At first, I thought it was a tortoise-shell cat, but when I looked again, it was a bit bigger and the tail was definitely bushier. It was, of course, a fox! Must have been a juvenile one too as it’s fur still had blue-grey patches.
But there he was (or she, could’ve been a she), head and tail down as if trying everything to keep a low profile despite the bright sun of the approaching afternoon. The fox made its way into the hedge of one of the houses on the road and then I saw him/her no more.
And so, I took the rest of my walk in contemplation.
I’m not one for thinking that every encounter with an animal needs some shamanic interpretation.
But I am one for thinking that every encounter with wildlife is a gift.
There is indeed a fox den, if not a few more around this part of Nottingham. Devi and I have witnessed them in our back garden, seen the cubs play, heard them cry and yip. Devi’s even witnessed them playing with Ron (one of the Apex Predators) and Bailey (she was our lioness trapped in the body of of a blonde domestic house cat) when she was with us, rest her soul. We’ve also found the holes they’ve dug in the garden- cubs practicing for their cache skills no doubt!

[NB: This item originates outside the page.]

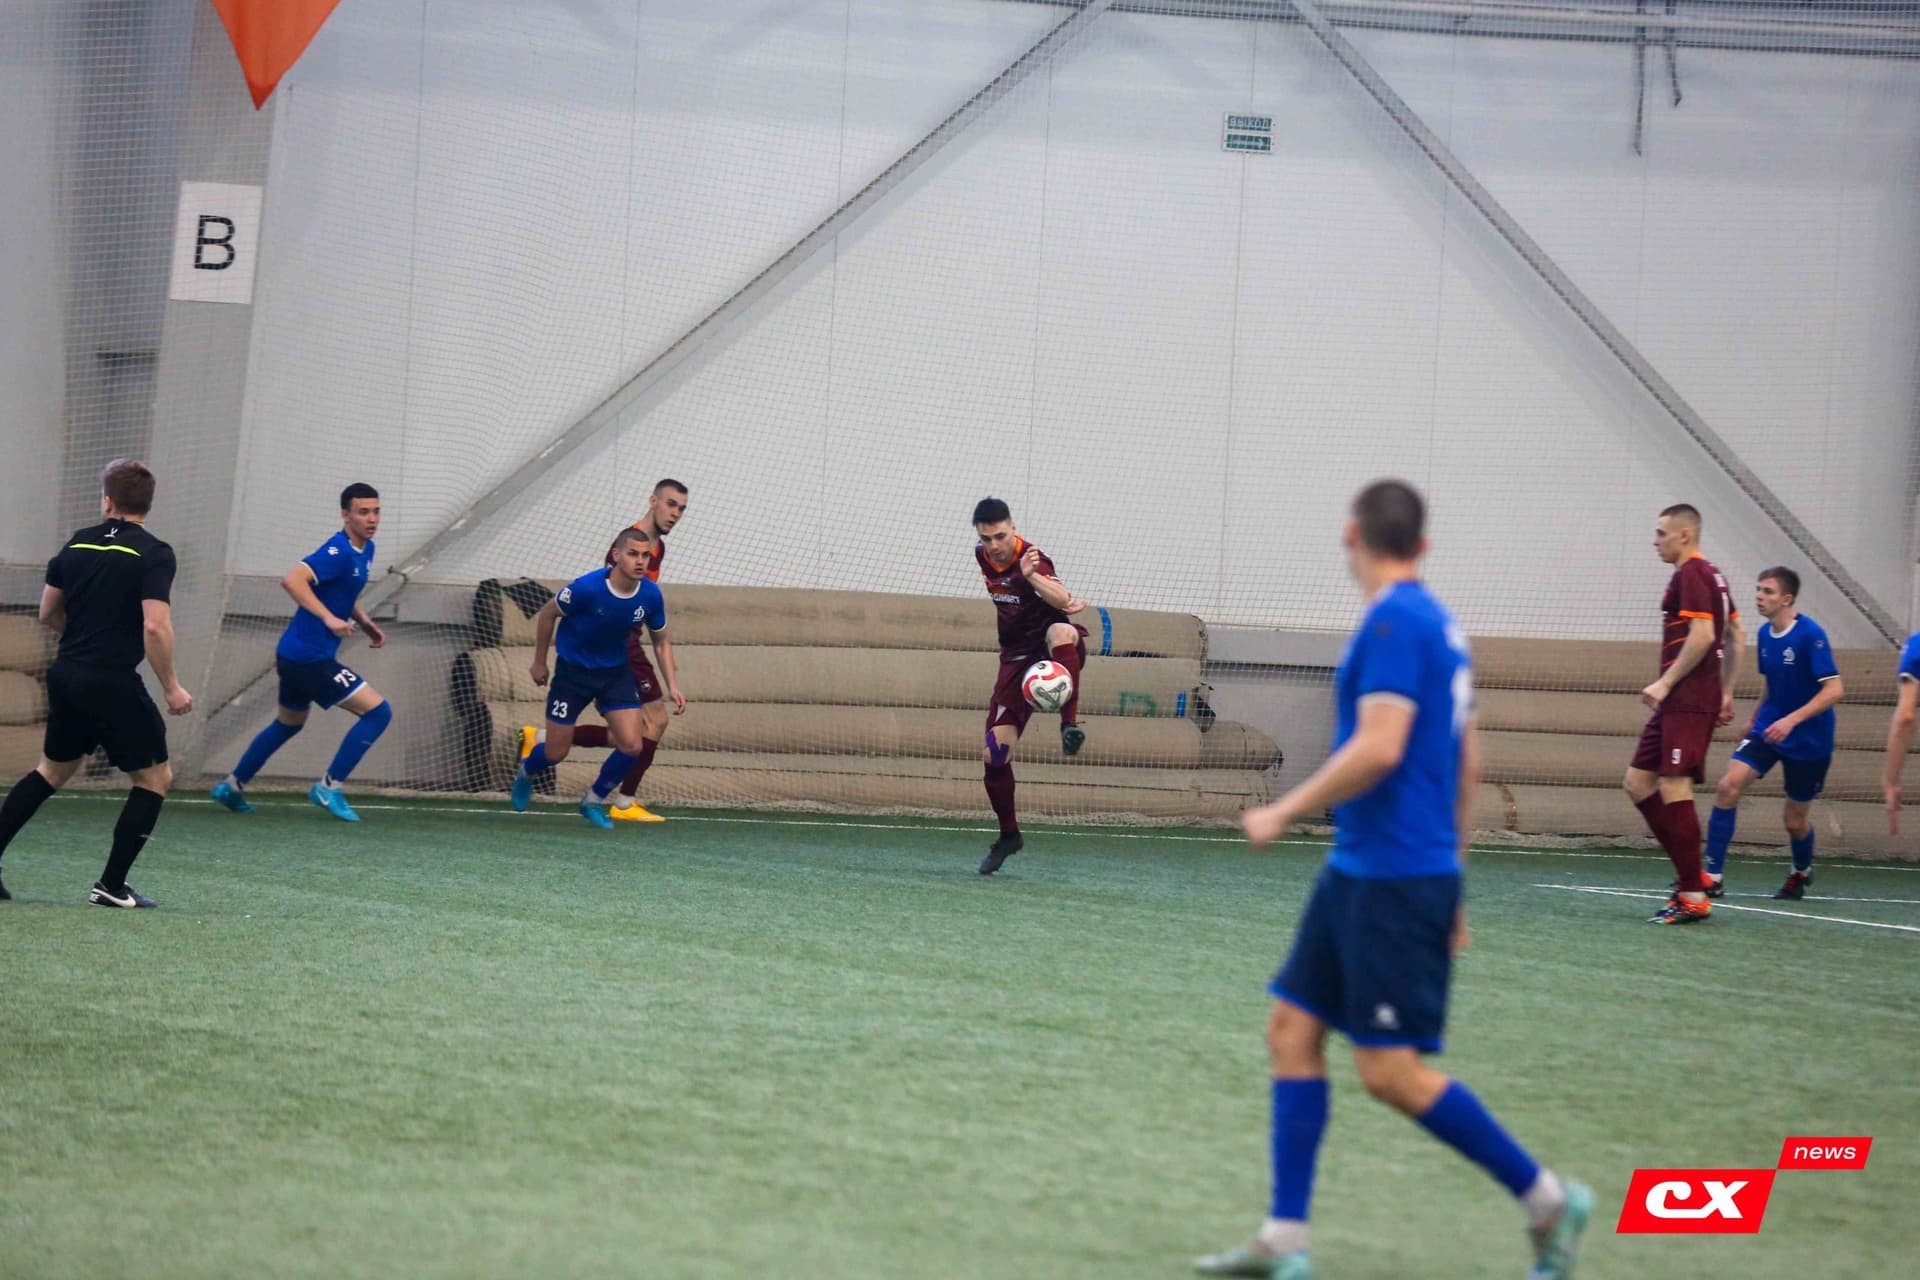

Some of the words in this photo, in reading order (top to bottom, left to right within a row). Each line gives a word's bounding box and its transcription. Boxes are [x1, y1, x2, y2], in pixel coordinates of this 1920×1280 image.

In the Druid Animal Oracle, Fox has the associated words of Cunning, Diplomacy and Wildness. Fox is about knowing the difference between staying hidden and when come out into the open. When to use your knowledge to solve something, not to deceive or be sly.
Fox, in England, has a bad reputation: for being cunning, killing for sport and a trickster. Compare this to the Fox-spirits of China and Japan, where the Fox is not only a shape-shifter, but has magical powers. Some can be mischievous, others can be friendly. Like Humans, really. In Native American cultures, Fox can be a trickster and even the thief that gave the gift of fire to Human-kind. There was even a Gallic chief whose name translated as “Son of Fox” and because he was an exceptional negotiator, so did the fox become associated with diplomacy.
The associations of Fox being cunning comes from the Fox’s ability to adapt it’s hunting and living habits to it’s environment. You can find foxes in both urban or rural areas, the desert and even in the arctic circle- they are like us: adapting to our surroundings. The fox will hunt it’s area for food and shelter. If the food is in a man-made container such as a bin (trash can), plastic bags or even a coop, then it will figure a way of getting to it. And if successful, they store it in a hole for another day.
They have a great sense of play and this is most likely where the ‘mischievous’ nature comes from.
Fox has made itself known to me for a while, but it’s only recently I have understood it’s message:
“Stop trying to force your routine onto where you live. Look around you and see how you live: shape your life around that instead.”
Fox may be about cunning, wildness and diplomacy, but it is also adaptation, resourcefulness and play.
In these tumultuous times of ours, perhaps there is much to be learned from what the fox says: adapt and survive.